マッセイ製作所は、米国生まれの父ダニエル・マッセイがオンタリオ州ニュー・カッスルに創業した小さな会社でした。高校を卒業し、1851年にハートは父の会社に就職し、経営を学びます。1856年に父が他界すると、33歳のハートが会社を引き継ぎます。地元で会社の土台を固めます。

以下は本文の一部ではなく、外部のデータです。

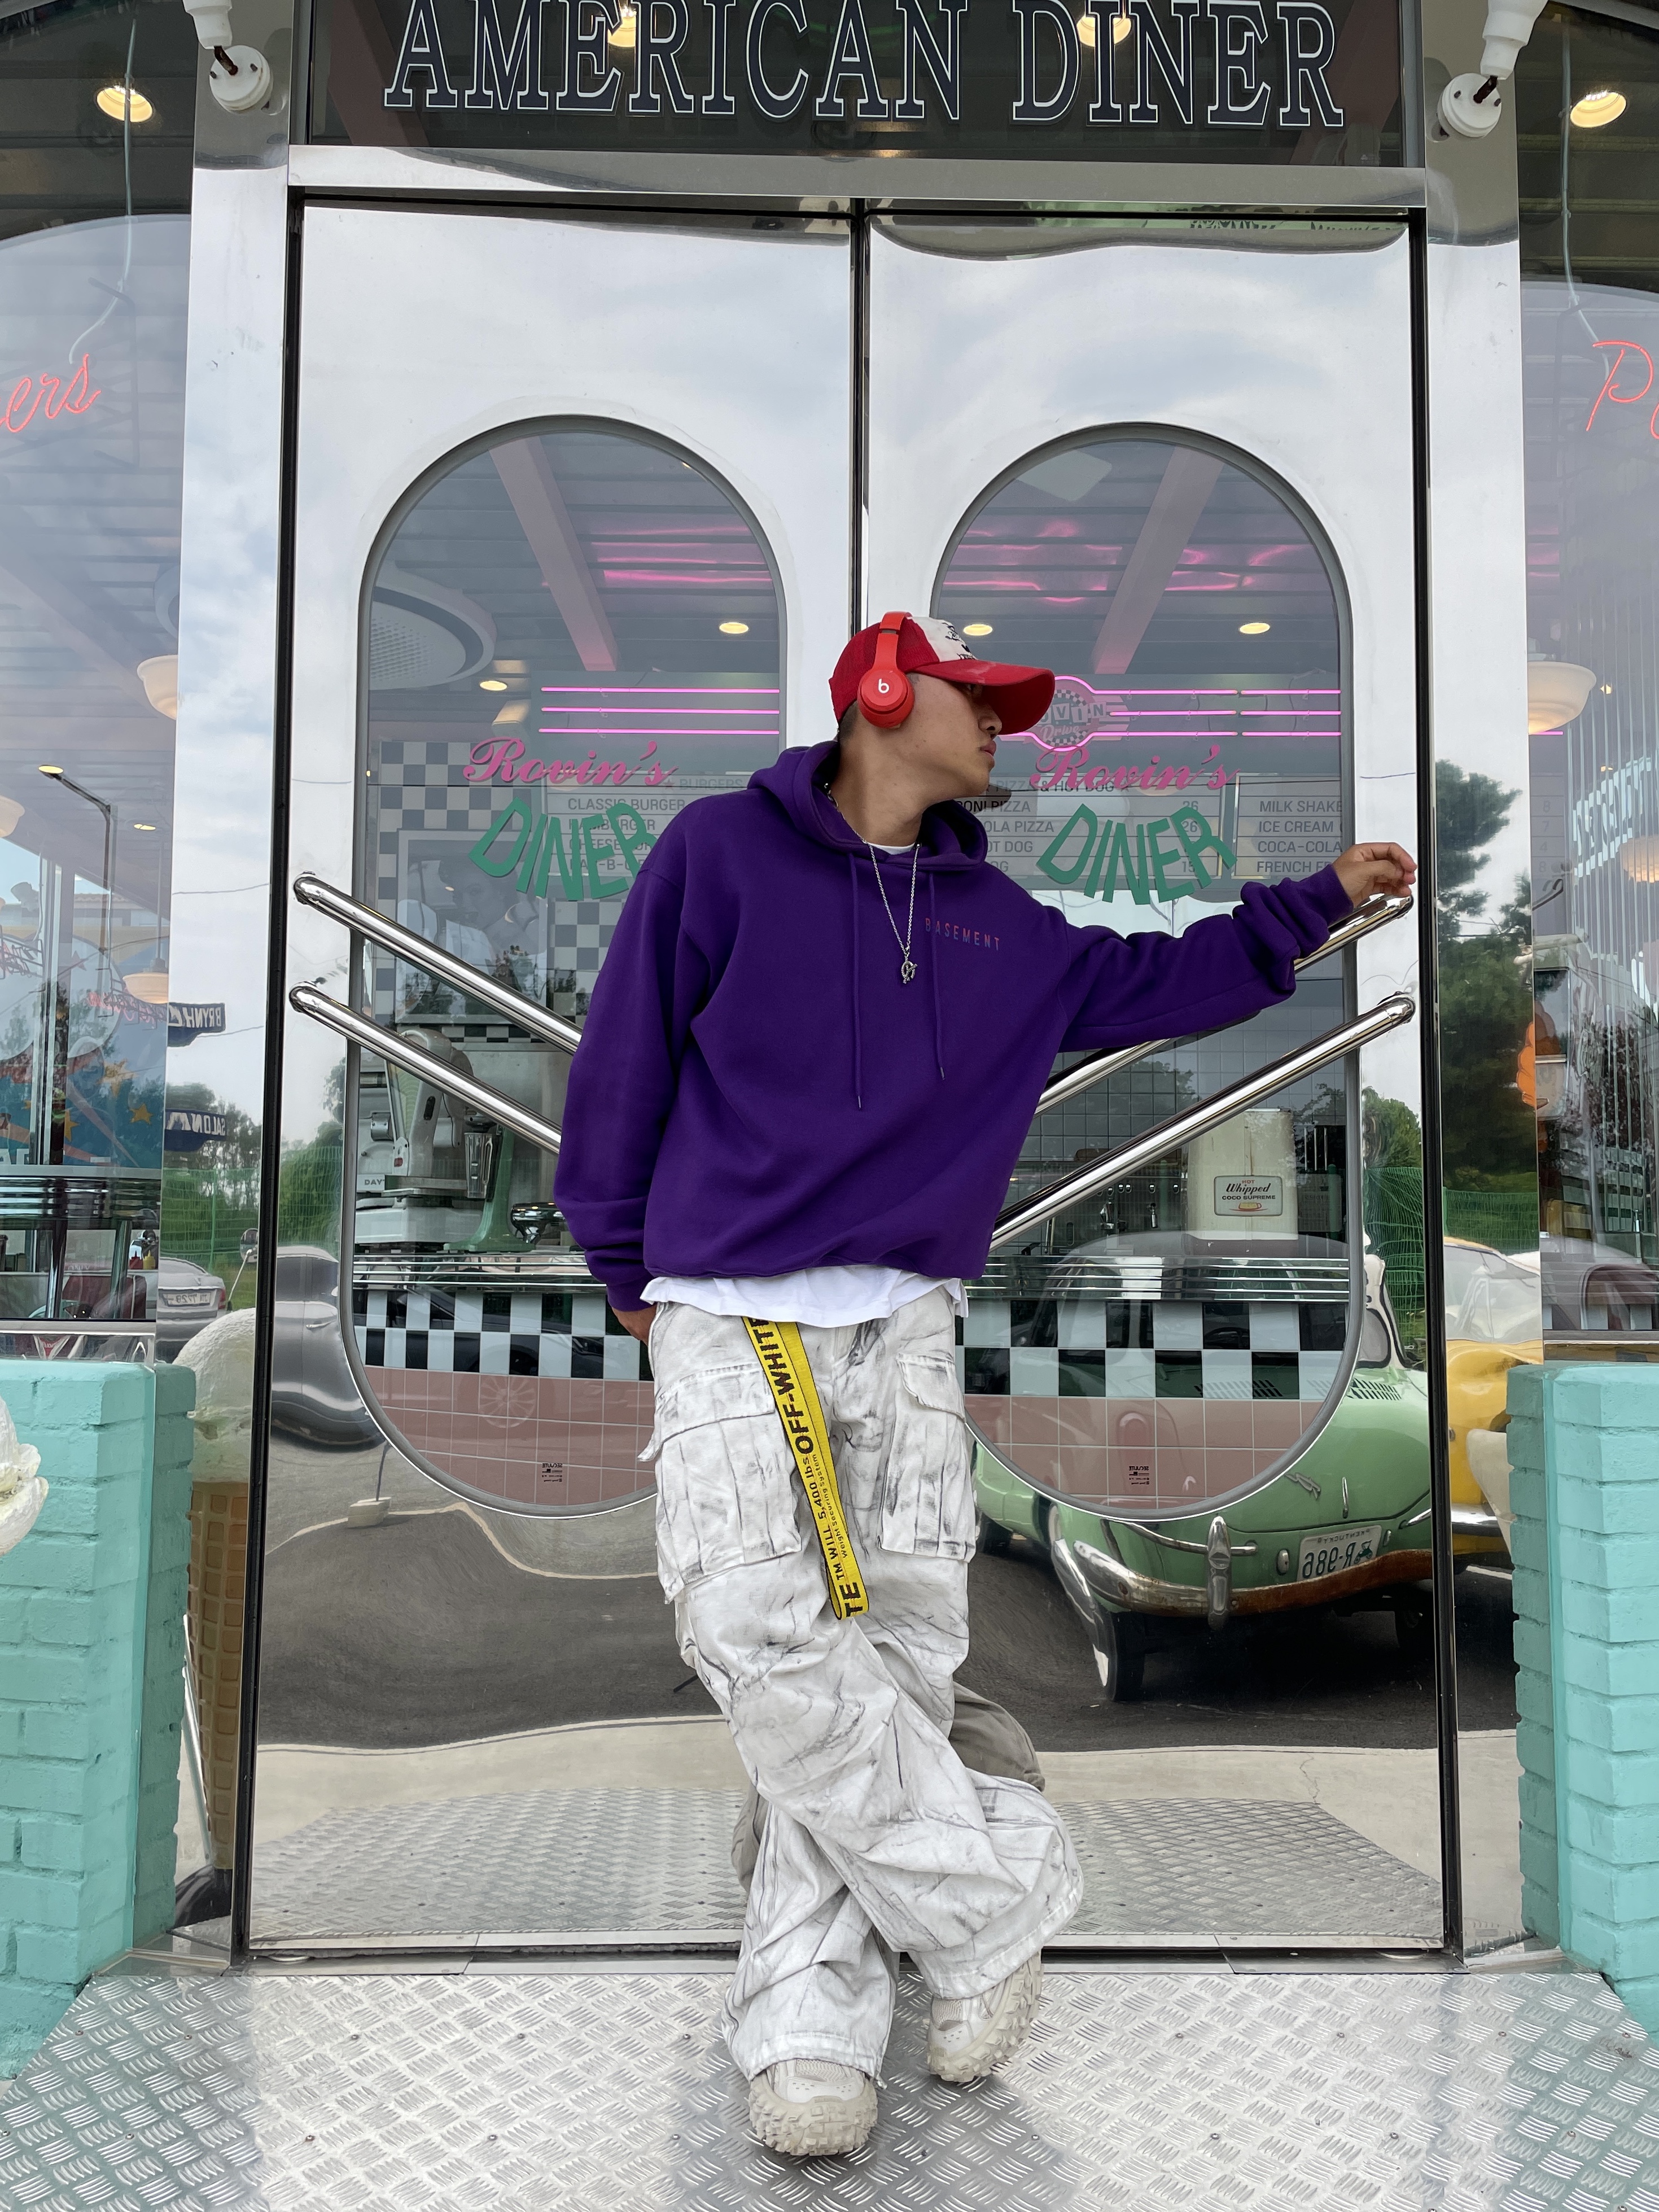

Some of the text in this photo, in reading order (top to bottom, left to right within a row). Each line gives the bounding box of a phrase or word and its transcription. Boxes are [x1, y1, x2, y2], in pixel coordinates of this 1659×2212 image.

[384, 0, 1344, 127] AMERICAN DINER
[0, 353, 102, 433] ers
[462, 737, 679, 786] Rovin's
[1029, 744, 1240, 791] Rovin's
[631, 798, 686, 811] BURGER
[991, 800, 1031, 812] PIZZA
[1259, 800, 1293, 812] MILK
[1014, 820, 1054, 833] PIZZA
[1259, 820, 1281, 833] ICE
[1284, 820, 1334, 833] CREAM
[468, 796, 659, 902] DINER
[1004, 841, 1033, 853] DOG
[1036, 803, 1237, 904] DINER
[1258, 841, 1343, 853] COCA-COLA
[1257, 861, 1311, 873] FRENCH
[925, 917, 1000, 951] BASEMENT
[1225, 1183, 1272, 1195] Whipped
[802, 1457, 815, 1479] lbs
[809, 1483, 827, 1520] 5,400
[812, 1454, 848, 1559] Weight Securing System
[822, 1524, 839, 1560] WILL

1867年7月、大英帝国の自治領としてカナダが「建国」され、オンタリオ州は加速度的に発展します。1870年代になると、拡大著しいトロントにマッセイ製作所の拠点を移します。大きな決断でしたが、会社は順調に成長します。80年代に入ると、自社の農機具をアルゼンチン、オーストラリア、更には欧州各国へと輸出し始めます。

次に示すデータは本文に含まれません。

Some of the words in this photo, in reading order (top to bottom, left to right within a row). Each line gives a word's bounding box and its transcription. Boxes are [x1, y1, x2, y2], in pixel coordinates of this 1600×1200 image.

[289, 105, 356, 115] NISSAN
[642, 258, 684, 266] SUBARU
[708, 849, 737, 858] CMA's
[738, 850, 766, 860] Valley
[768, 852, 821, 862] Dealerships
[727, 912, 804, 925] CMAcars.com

そして、1884年、ハートは既に61歳で会社も順調です。引退の時と考え、商才溢れる息子のチャールズ36歳に会社を引き継ぐ準備を始めます。ところが、チャールズは腸チフスで急逝します。失意の中で、ハートはそれまで以上に経営に没頭し、同業のハリス社やパターソン・ウィンザー社等を吸収合併して、マッセイ製作所をカナダ最大の農機具メーカーに育てます。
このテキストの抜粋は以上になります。